■ Instructions to follow ■
Starting at the line that contains "Some of the text", transcribe every remaining line of the entries exactly, including the last one.

Text-to-region grounding data

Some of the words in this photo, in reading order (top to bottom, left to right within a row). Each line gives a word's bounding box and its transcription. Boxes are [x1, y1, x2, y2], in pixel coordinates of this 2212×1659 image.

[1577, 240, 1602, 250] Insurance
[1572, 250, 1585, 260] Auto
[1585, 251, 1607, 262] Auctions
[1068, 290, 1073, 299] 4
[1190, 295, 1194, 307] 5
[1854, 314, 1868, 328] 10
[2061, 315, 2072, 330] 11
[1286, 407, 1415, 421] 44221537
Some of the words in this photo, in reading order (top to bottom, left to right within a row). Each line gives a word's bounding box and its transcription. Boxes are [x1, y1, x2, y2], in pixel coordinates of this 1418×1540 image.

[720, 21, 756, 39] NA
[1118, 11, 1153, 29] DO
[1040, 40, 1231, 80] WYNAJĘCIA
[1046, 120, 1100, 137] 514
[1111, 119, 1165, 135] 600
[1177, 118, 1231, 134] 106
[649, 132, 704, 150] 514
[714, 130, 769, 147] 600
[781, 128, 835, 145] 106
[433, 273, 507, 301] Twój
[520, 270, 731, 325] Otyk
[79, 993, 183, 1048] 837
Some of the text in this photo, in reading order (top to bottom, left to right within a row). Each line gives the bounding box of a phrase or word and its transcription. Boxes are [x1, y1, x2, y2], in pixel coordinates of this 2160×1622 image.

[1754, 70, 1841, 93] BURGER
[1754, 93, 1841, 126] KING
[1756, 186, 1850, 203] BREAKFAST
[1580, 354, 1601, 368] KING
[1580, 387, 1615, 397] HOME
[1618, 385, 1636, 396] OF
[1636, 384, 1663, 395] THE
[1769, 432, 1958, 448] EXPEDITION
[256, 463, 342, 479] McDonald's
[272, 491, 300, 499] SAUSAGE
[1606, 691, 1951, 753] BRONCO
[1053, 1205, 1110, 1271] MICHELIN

■ Reply ■
Some of the text in this photo, in reading order (top to bottom, left to right within a row). Each line gives the bounding box of a phrase or word and its transcription. Boxes are [x1, y1, x2, y2], in pixel coordinates of this 2160×1622 image.

[1754, 70, 1841, 93] BURGER
[1754, 93, 1841, 126] KING
[1756, 186, 1850, 203] BREAKFAST
[1580, 354, 1601, 368] KING
[1580, 387, 1615, 397] HOME
[1618, 385, 1636, 396] OF
[1636, 384, 1663, 395] THE
[1769, 432, 1958, 448] EXPEDITION
[256, 463, 342, 479] McDonald's
[272, 491, 300, 499] SAUSAGE
[1606, 691, 1951, 753] BRONCO
[1053, 1205, 1110, 1271] MICHELIN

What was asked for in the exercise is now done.